Collagen mineralization is required for bone and dentin formation, but the molecular mechanism of that process is not completely understood. Using an in vitro model based on mouse dental tissues, we show that glycosaminoglycans (GAGs) promote collagen mineralization in mineralized tissues, rather than inhibiting mineralization of the ligament. Moreover, the mineralization promoting effect of GAGs is larger than for phosphoproteins, the most frequently studied controlling factor in crystal nucleation and growth. Our model enabled the study of molecular factors on collagen mineralization independently, without changing the expression pattern of other factors, and under conditions as close to native tissue as possible. Evidence that matrix GAGs promote collagen biomineralization has important implications for understanding control of mineralization in connective tissue more generally.
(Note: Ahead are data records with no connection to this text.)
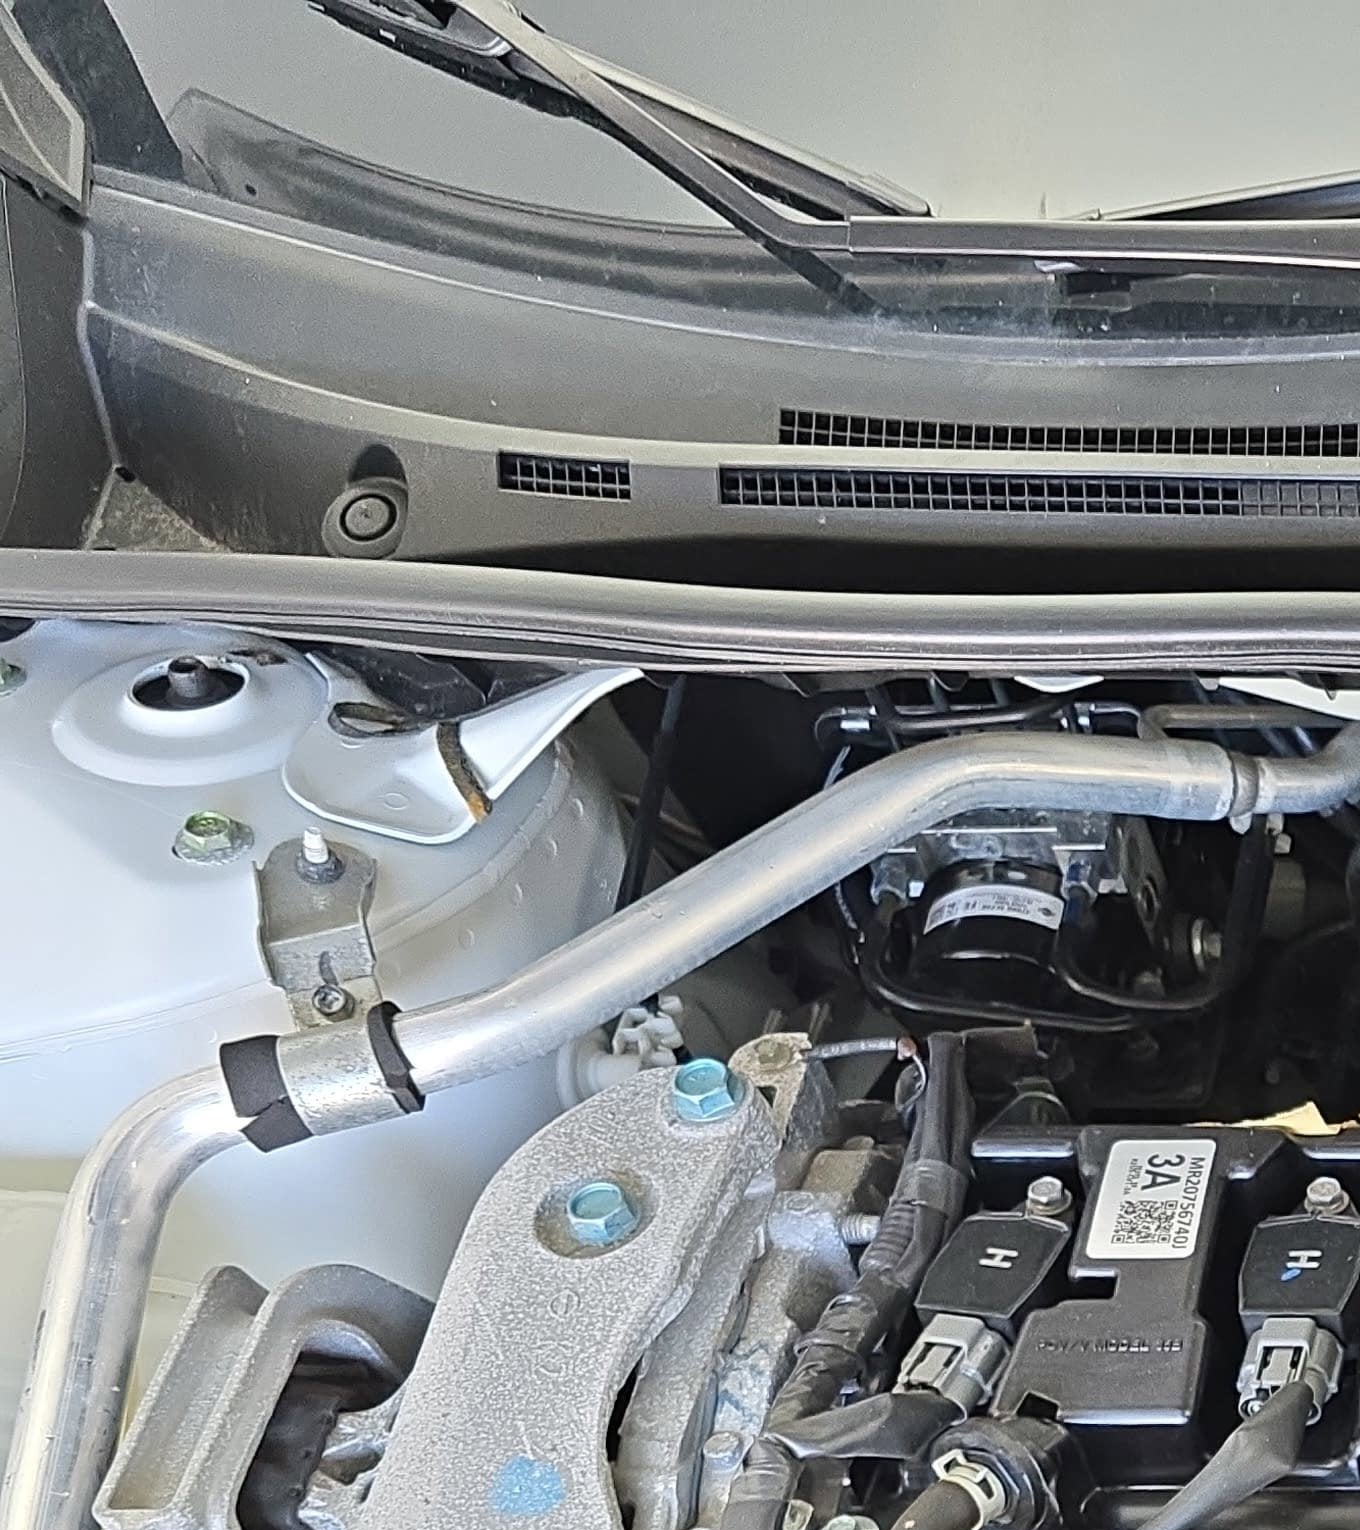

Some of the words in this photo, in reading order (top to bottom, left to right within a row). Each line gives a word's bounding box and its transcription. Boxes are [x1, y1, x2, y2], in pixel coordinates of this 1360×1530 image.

[1140, 1153, 1186, 1191] 3A
[978, 1248, 1019, 1269] H
[1286, 1250, 1322, 1269] H
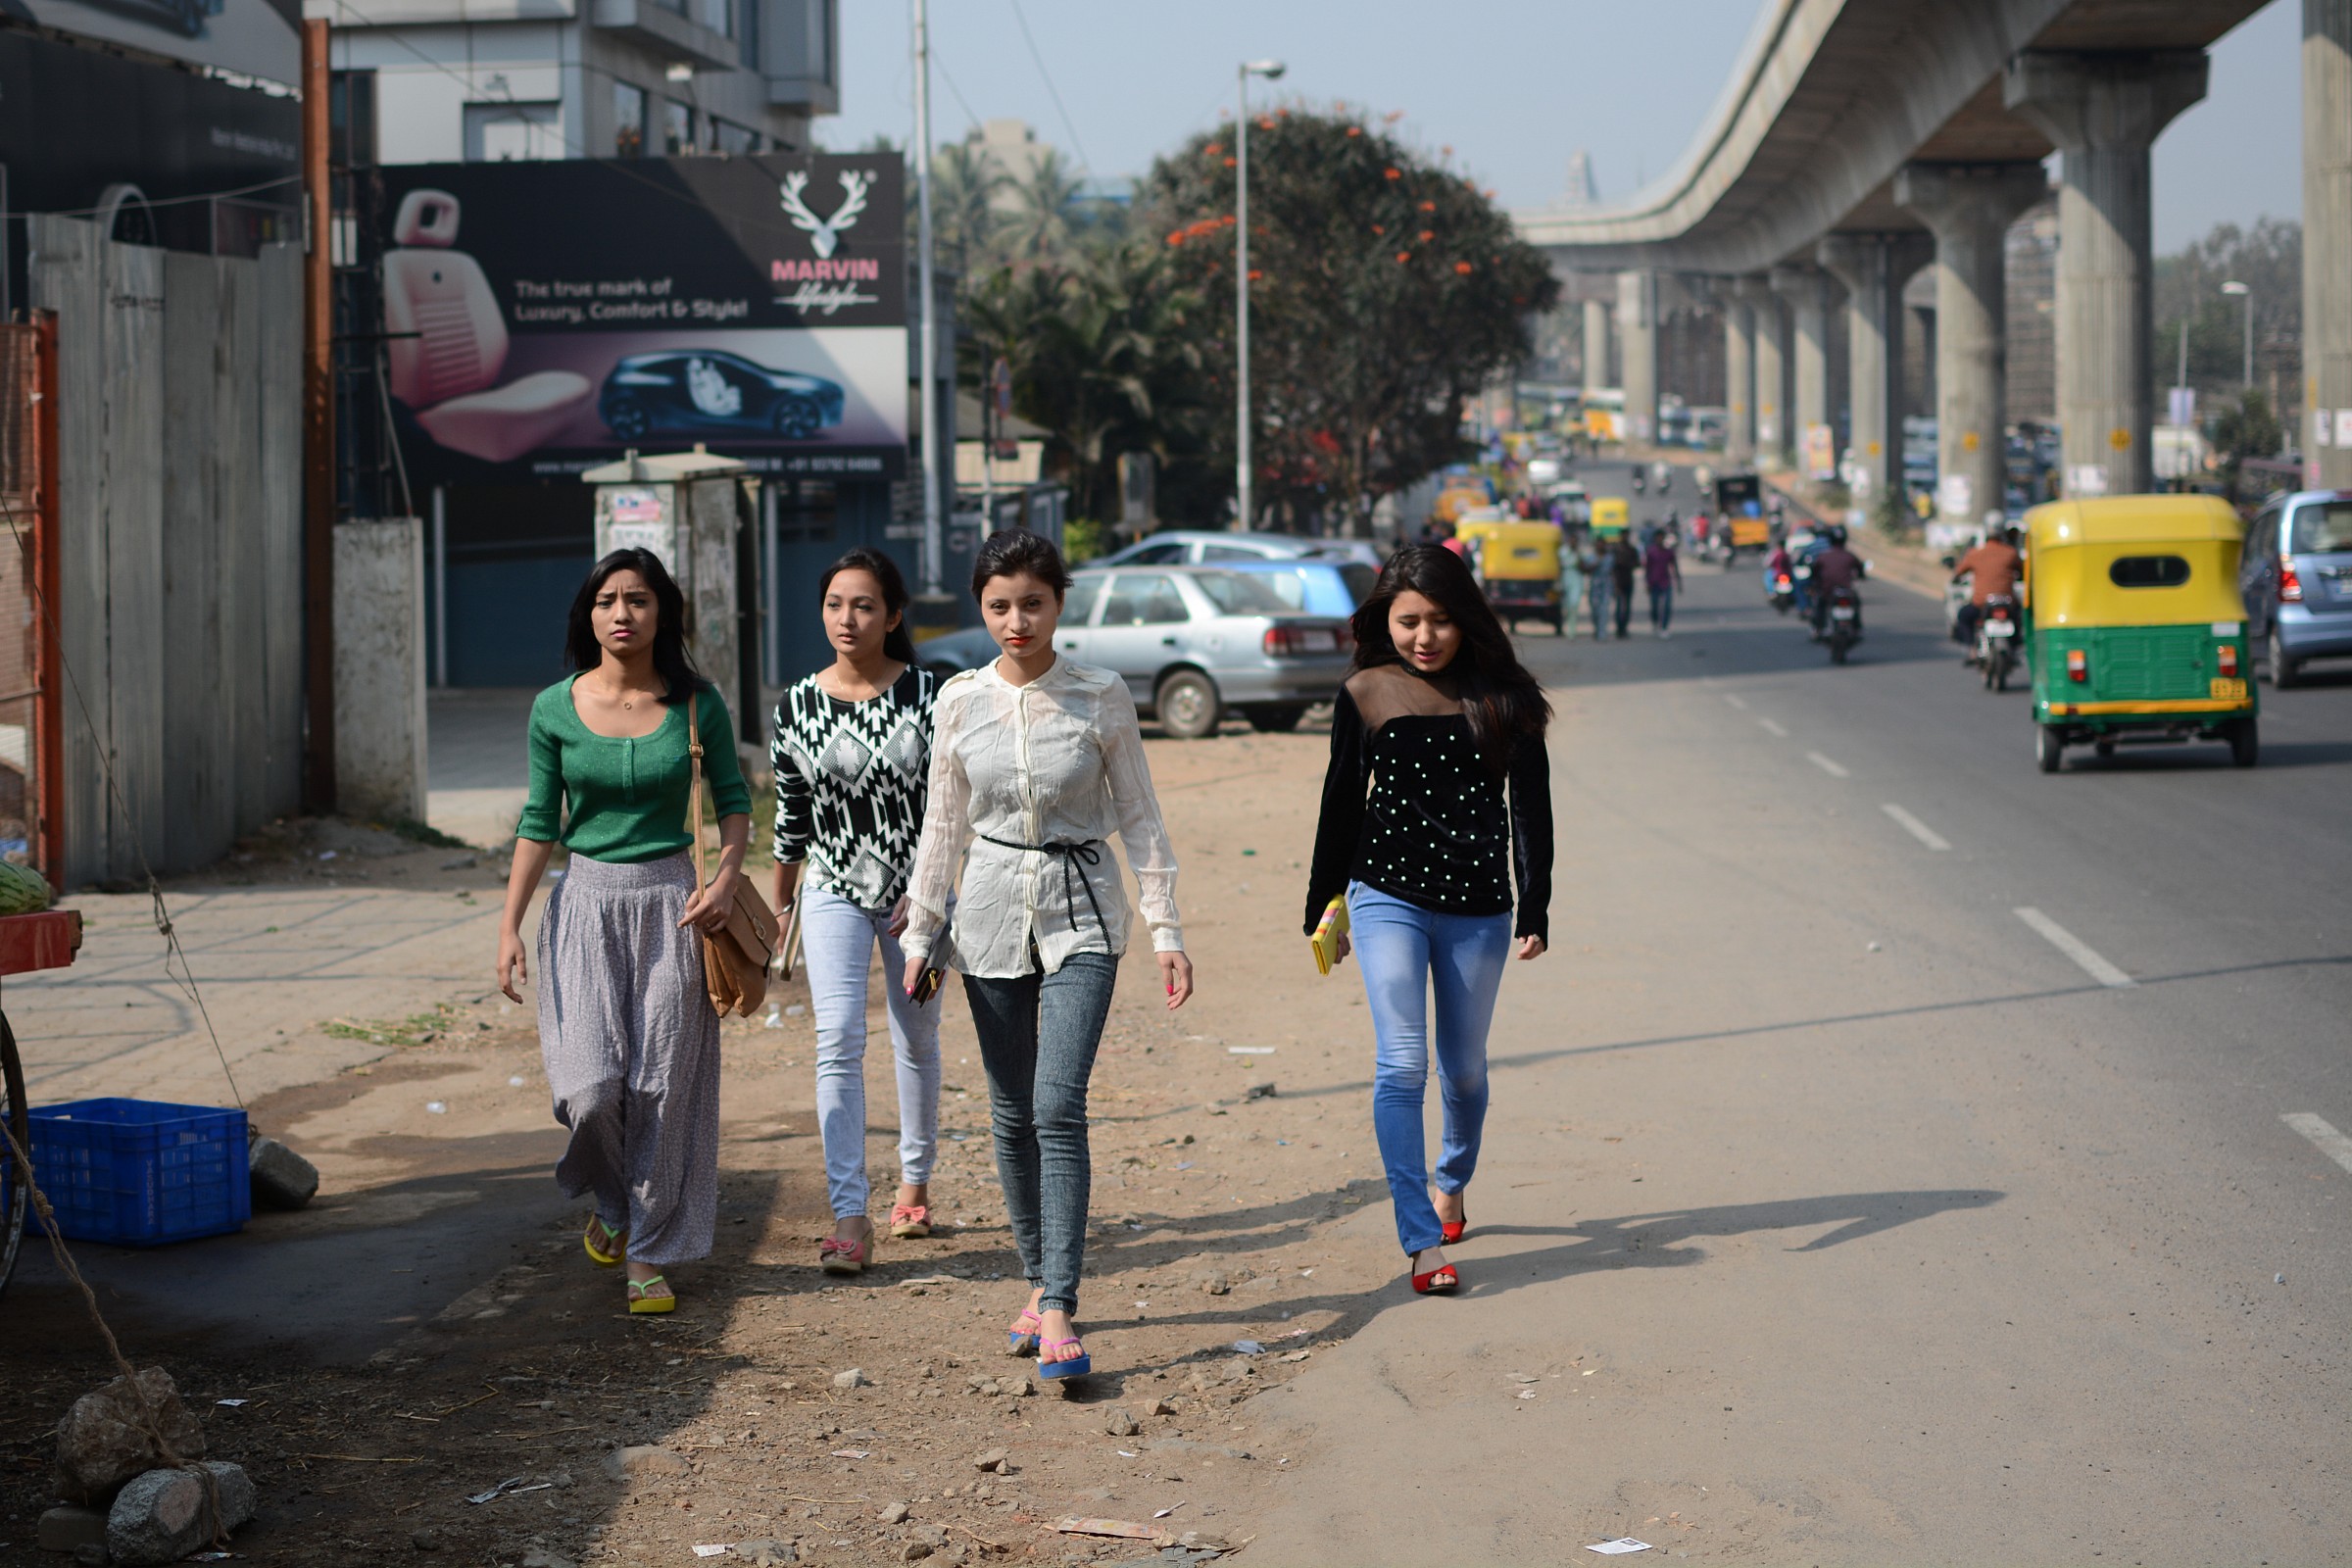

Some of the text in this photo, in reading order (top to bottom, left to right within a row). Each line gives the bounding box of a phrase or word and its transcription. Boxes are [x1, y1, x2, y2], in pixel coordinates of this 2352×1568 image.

[771, 259, 879, 280] MARVIN
[514, 277, 672, 297] The true mark of
[589, 300, 668, 319] Comfort
[671, 300, 688, 318] &
[692, 299, 749, 321] Style!
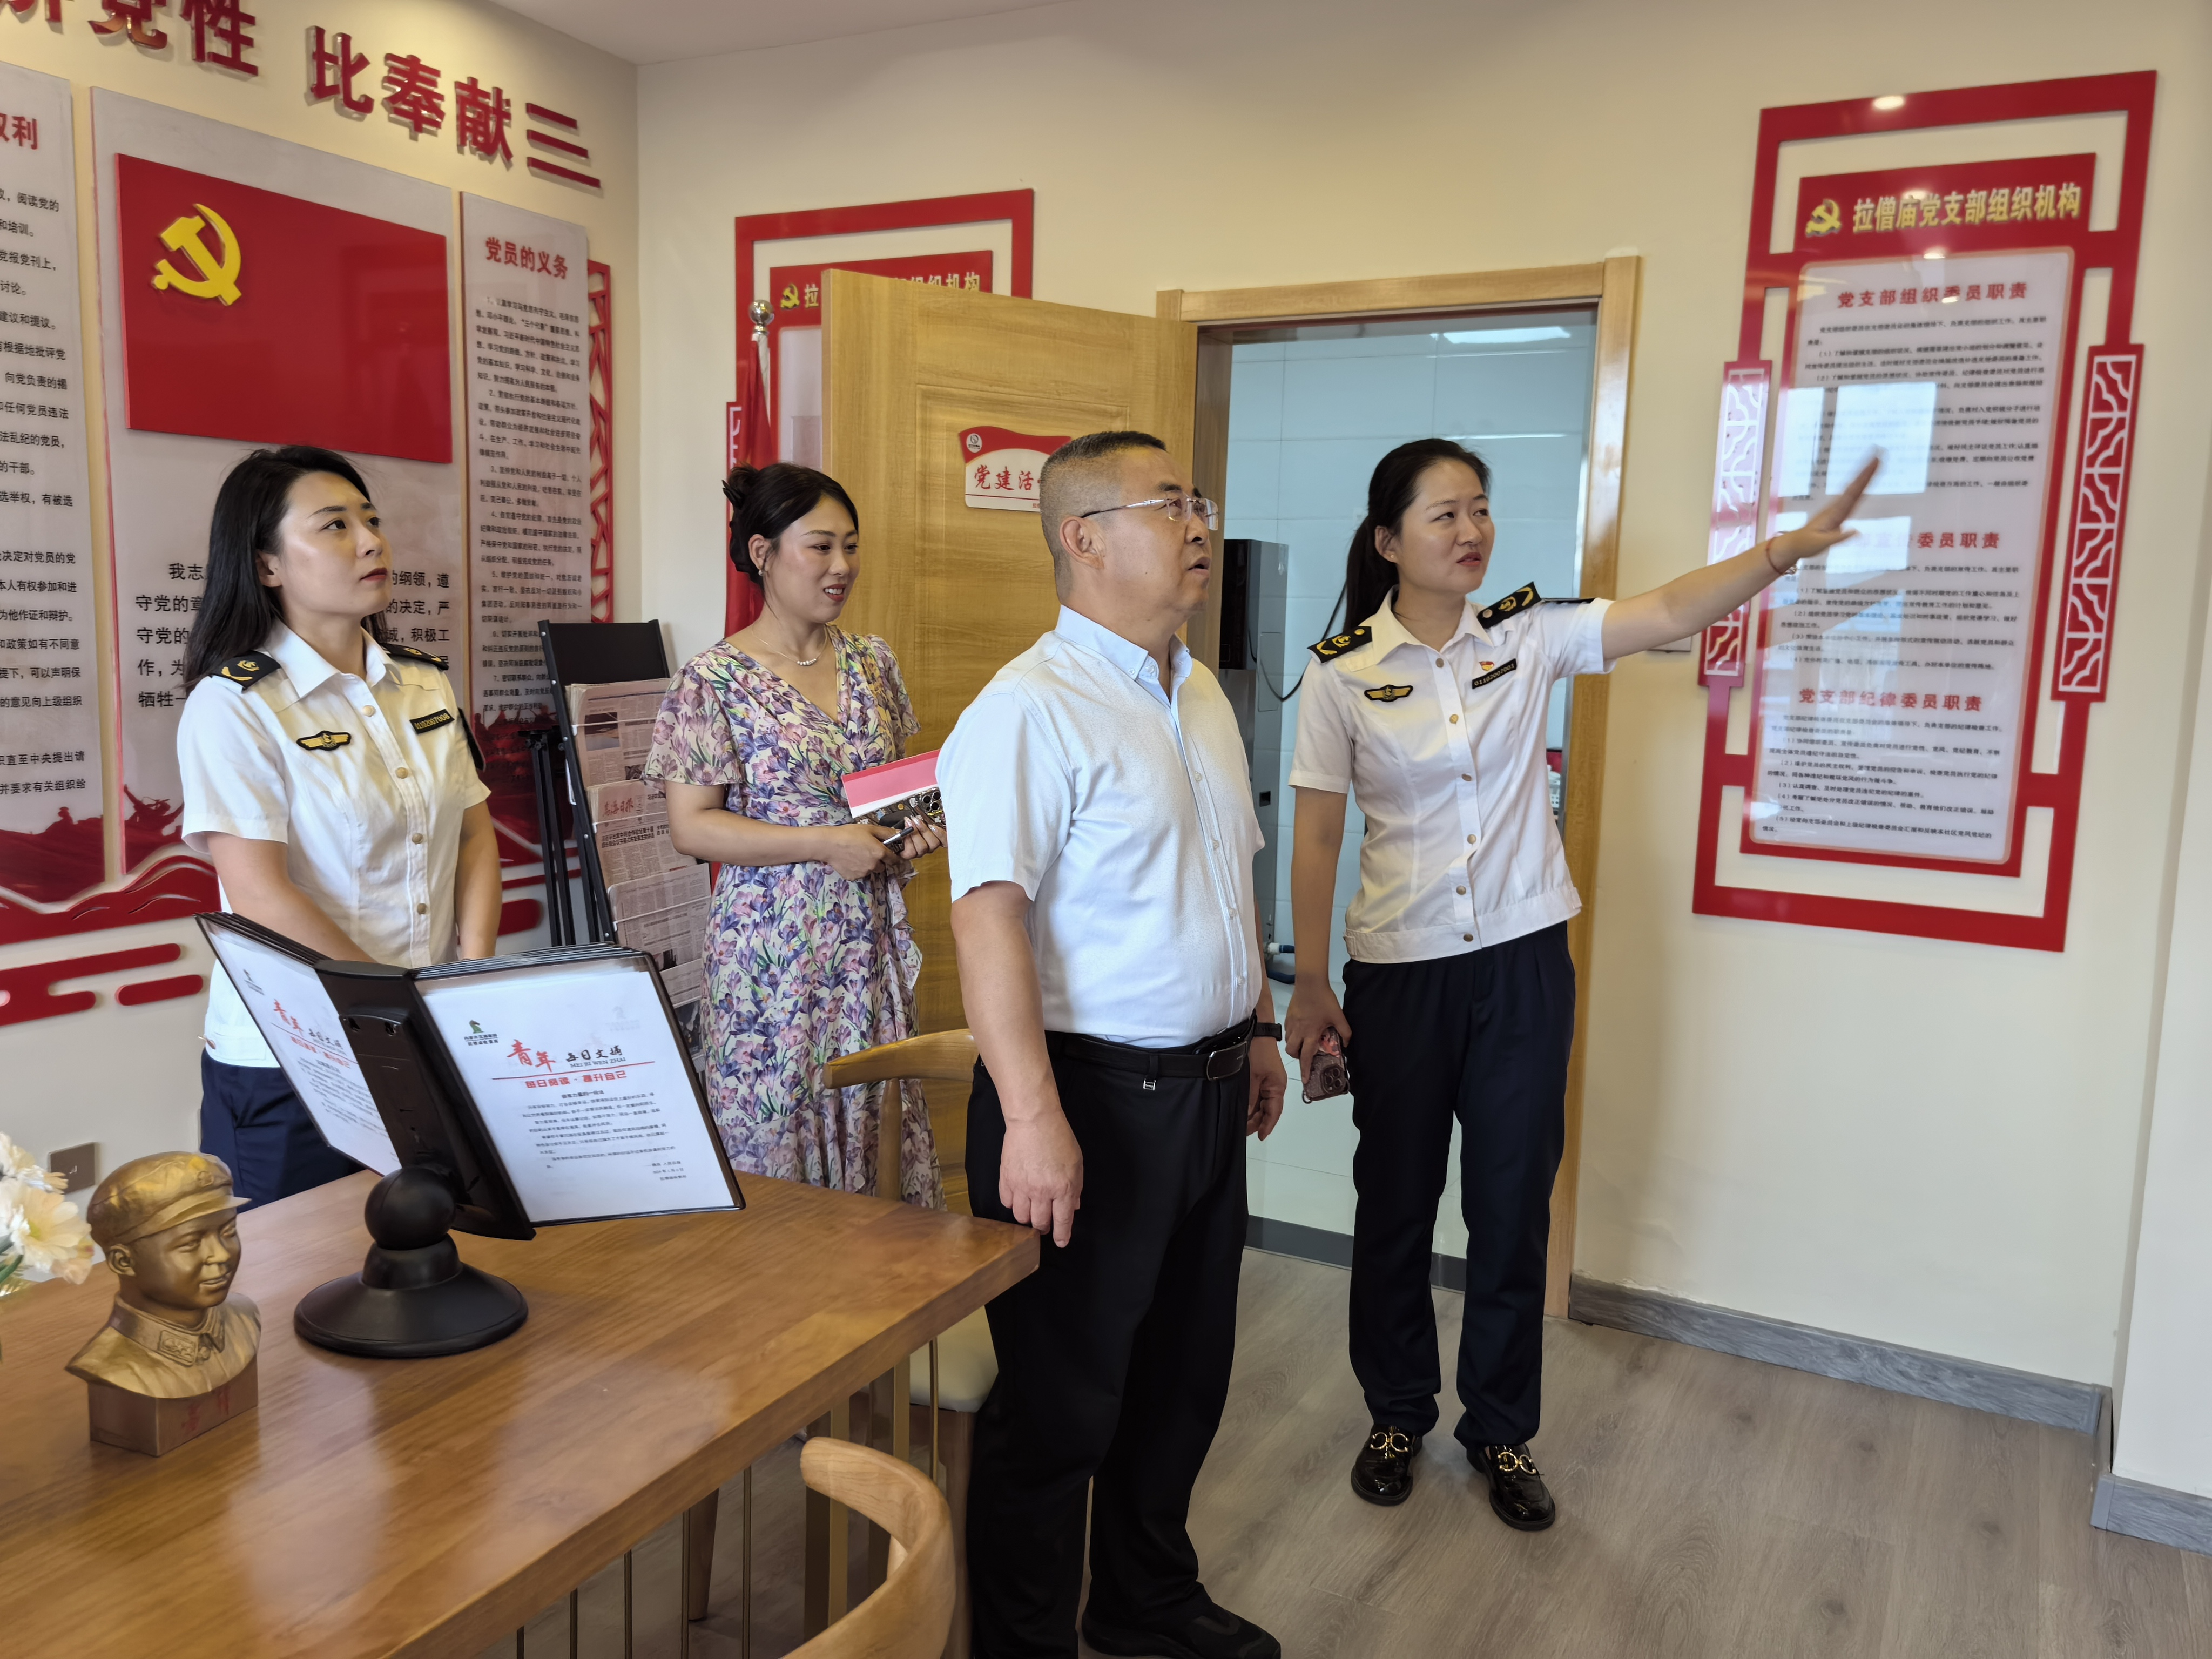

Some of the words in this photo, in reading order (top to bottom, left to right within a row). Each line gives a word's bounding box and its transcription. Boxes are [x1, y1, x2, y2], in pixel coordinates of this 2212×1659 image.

[0, 0, 258, 76] 党性
[1853, 183, 2082, 233] 拉僧庙党支部组织机构
[485, 237, 568, 279] 党员的义务
[1838, 282, 2028, 308] 党支部组织委员职责
[0, 341, 66, 360] 根据地批评党
[974, 464, 1041, 490] 党建活
[0, 550, 76, 564] 决定对党员的党
[168, 563, 208, 581] 我志
[1799, 688, 1982, 711] 党支部纪律委员职责
[507, 1039, 557, 1073] 青年
Mammalian teeth are attached to the jawbone through an exquisitely controlled mineralization process: unmineralized collagen fibers of the periodontal ligament anchor directly into the outer layer of adjoining mineralized tissues (cementum and bone). The sharp interface between mineralized and nonmineralized collagenous tissues makes this an excellent model to study the mechanisms by which extracellular matrix macromolecules control collagen mineralization. While acidic phosphoproteins, localized in the mineralized tissues, play key roles in control of mineralization, the role of glycosaminoglycans (GAGs) is less clear. As several proteoglycans are found only in the periodontal ligament, it has been hypothesized that these inhibit mineralization of collagen in this tissue. Here we used an in vitro model based on remineralization of mouse dental tissues to determine the role of matrix GAGs in control of mineralization. GAGs were selectively removed from demineralized mouse periodontal sections via enzymatic digestion. Proteomic analysis confirmed that enzymatic GAG removal does not significantly alter protein content. Analysis of remineralized tissue sections by transmission electron microscopy (TEM) shows that GAG removal reduced the rate of remineralization in mineralized tissues compared to the untreated control, while the ligament remained unmineralized. Protein removal with trypsin also reduced the rate of mineralization, but to a lesser extent than GAG removal, despite a much larger effect on protein content. These results indicate that GAGs promote mineralization in mineralized dental tissues rather than inhibiting mineral formation in the ligament, which may have broader implications for understanding control of collagen mineralization in connective tissues.